Carp: ip-aliases in different subnet ignored

casper4242

I'm trying to replace some outdated F5 load balancers with haproxy.  About the only show stopper at the
moment is the routing setup. Currently, we route the IP addresses of the virtual servers to a VIP on the F5. These
are all /32 routes, and are thus bound to not be in the same network as the connecting LAN. From a routing
perspective, I see no problem with such a setup:

lan:  {pfsense1} – {vip} -- {pfsense2}

ifconfig {vip} alias {vsvip1}/32
ifconfig {vip} alias {vsvip2}/32
...

on the upstreams routers:
ip route {vsvip1} 255.255.255.255 {vip}
ip route {vsvip2} 255.255.255.255 {vip}

the {vip} MAC should change between {pfsense1} and {pfsense2} as needed, thus causing the static route
above to also change between the two firewalls.

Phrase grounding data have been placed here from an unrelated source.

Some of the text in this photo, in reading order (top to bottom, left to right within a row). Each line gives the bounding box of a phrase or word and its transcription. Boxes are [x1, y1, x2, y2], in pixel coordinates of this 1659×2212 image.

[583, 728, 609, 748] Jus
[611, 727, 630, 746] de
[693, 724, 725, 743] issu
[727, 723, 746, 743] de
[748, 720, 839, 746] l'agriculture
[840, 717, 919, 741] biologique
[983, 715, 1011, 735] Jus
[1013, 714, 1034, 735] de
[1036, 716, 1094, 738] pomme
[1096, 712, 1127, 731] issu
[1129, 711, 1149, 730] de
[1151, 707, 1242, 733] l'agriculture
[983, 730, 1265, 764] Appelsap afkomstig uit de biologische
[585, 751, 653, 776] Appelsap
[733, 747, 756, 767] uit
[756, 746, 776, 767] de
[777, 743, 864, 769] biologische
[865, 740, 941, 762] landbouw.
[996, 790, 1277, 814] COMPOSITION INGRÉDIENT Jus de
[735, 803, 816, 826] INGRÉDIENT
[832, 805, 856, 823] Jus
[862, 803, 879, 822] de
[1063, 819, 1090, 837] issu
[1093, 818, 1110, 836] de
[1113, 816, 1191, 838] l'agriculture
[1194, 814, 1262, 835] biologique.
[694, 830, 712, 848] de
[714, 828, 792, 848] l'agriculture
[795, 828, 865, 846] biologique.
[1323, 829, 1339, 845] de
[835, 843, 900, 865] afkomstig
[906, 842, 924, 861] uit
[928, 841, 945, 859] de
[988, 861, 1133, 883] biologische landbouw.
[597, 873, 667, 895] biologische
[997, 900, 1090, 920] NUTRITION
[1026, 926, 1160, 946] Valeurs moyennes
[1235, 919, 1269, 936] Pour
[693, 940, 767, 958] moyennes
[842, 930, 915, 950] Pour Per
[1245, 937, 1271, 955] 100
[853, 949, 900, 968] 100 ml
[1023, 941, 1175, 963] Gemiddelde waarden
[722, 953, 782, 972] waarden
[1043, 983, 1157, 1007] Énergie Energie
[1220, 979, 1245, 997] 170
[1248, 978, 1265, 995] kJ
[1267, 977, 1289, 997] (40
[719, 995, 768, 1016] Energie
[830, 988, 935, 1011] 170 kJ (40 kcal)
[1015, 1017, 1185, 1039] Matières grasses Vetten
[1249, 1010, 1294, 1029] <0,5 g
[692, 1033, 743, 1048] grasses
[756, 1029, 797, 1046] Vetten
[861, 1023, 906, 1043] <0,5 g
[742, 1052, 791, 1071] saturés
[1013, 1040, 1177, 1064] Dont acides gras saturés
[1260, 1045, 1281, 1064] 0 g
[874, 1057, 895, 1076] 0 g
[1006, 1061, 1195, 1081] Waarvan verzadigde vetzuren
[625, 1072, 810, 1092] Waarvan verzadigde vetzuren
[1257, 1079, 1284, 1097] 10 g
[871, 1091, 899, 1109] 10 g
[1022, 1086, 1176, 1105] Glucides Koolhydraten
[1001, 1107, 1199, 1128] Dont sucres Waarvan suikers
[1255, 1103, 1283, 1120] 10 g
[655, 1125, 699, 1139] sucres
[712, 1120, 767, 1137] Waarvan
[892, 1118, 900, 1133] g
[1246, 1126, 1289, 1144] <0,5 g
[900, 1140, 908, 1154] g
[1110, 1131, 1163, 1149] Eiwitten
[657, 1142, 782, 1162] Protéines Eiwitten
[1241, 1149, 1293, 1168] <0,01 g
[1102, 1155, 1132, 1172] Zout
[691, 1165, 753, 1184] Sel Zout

Still, when i try to enter the ip alias to the vip, the GUI accepts
the entry, but I can't find it configured anywhere on an interface afterwards. It looks like the entry is silently
ignored. When I manually go into the shell and do

ifconfig opt10_vip8

I don't see any extra address except the carp IP. If I then do:

ifconfig opt10_vip8 alias {vsvip1}/32

the system accepts the address just fine.

this is with 2.1 snapshot of yesterday, July 28. Is there a good reason for this weird behavior?

Cheers,
Markus

UPDATE: interestingly, things work if I make the IP-Alias a child of Loopback...

jimp

If you are using IPs routed to you, then Loopback IP aliases are preferred.

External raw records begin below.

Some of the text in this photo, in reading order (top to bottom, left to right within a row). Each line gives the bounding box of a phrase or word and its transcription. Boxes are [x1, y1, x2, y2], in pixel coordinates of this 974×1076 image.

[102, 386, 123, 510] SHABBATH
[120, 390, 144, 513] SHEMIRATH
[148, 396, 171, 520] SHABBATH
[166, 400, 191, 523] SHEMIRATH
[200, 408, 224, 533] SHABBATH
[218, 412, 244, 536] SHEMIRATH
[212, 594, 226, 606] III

You only need IP aliases on a WAN interface if that subnet is using Layer 2 on WAN to reach a "gateway" on WAN inside of their subnet.

Route all of the IPs to your external CARP VIP, use IP alias on localhost, and it works fine.

casper4242

Seems I have to get used to being able to work with the Loopback interface in pfsense, glad to hear this is now fully supported. Thanks!

And by the way: thanks for a great job with the conversion of old configurations. I recently migrated two old pfsense 1.x to 2.1
without a hitch!